Pharmacological and Therapeutic Applications of Esculetin

• Published in: International journal of molecular sciences Vol. 23; no. 20; p. 12643
• Main Authors: Garg, Sourbh Suren, Gupta, Jeena, Sahu, Debasis, Liu, Chuan-Ju
• Format: Journal Article
• Language: English
• Published: Basel MDPI AG 20.10.2022; MDPI
• Subjects: Antioxidants; Apoptosis; Arthritis; Cancer therapies; Carbon; Cartilage; Cell cycle; Cell growth; Cytochrome; Cytokines; Deoxyribonucleic acid; Diabetes; DNA; Enzymes; Fatty liver; Free radicals; Glycemic index; Inflammation; Inflammatory diseases; Kinases; Lipid peroxidation; Lipids; Liver diseases; Oxidative stress; Pathogenesis; Proteins; Review; Tumor necrosis factor-TNF
• ISSN: 1422-0067; 1661-6596; 1422-0067
• DOI: 10.3390/ijms232012643

Esculetin is a coumarin compound, which belongs to the class of benzopyrone enriched in various plants such as Sonchus grandifolius, Aesculus turbinata, etc. Free radicals lead to the development of oxidative stress causing inflammation, arthritis, cancer, diabetes, fatty liver disease, etc.
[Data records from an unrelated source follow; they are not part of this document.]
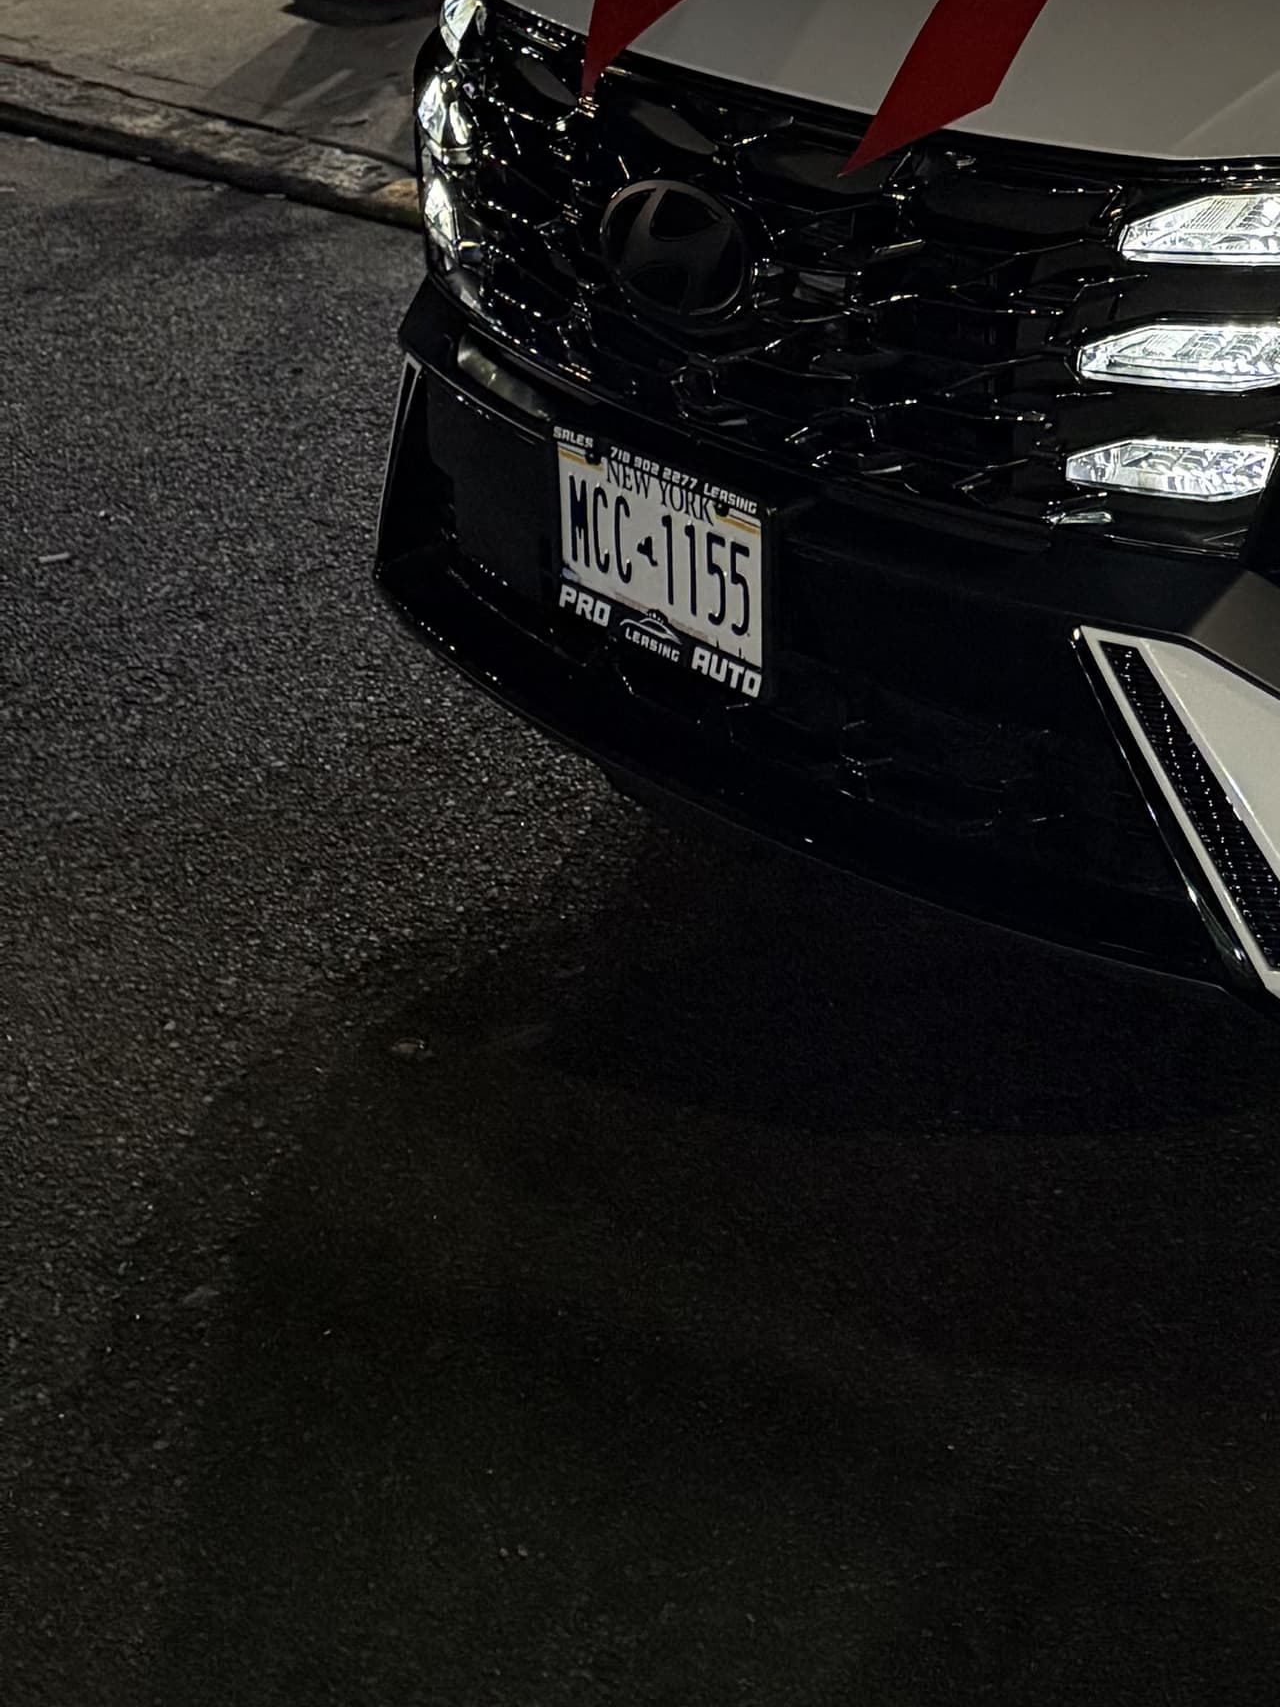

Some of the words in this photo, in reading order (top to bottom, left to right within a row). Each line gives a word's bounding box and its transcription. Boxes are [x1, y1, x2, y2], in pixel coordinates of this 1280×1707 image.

[553, 425, 594, 448] SALES
[610, 445, 631, 464] 718
[662, 467, 699, 490] 2277
[703, 482, 758, 515] LEASING
[605, 458, 652, 499] NEW
[658, 479, 715, 527] YORK
[558, 583, 612, 628] PRO
[625, 627, 681, 663] LEASING
[690, 645, 763, 699] AUTO
These further reduce the efficacy of anticancer drugs, activate inflammatory signaling pathways, degrade joints and cartilage, and disrupt the glycemic index and normal function of liver enzymes. For instance, the current treatment modalities used in arthritis such as non-steroidal anti-inflammatory drugs, disease-modifying anti-rheumatoid drugs, and lipoxygenase inhibitors present limited efficacy and adverse effects. Thus, there is a constant need to find newer and safer alternatives. Esculetin has an immense antioxidative potential thereby alleviating arthritis, diabetes, malignancies, and hepatic disorders. Structurally, esculetin contains two hydroxyl groups, which enhance its ability to function as an antioxidant by inhibiting oxidative stress in pathological conditions. Leukotriene B4 synthesis, NF-κB and MPAK pathway activation, and inflammatory cytokine production are the main causes of bone and joint deterioration in arthritis, whereas esculetin treatment reverses these factors and relieves the disease condition. In contrast, lipid peroxidation caused by upregulation of TGF-β-mediated expression and dysfunction of antioxidant enzymes is inhibited by esculetin therapy, thus reducing liver fibrosis by acting on the PI3K/FoxO1 pathway. Therefore, targeting NF-κB, pro-inflammatory cytokines, TGF-β and oxidative stress may be a therapeutic strategy to alleviate arthritis and liver fibrosis.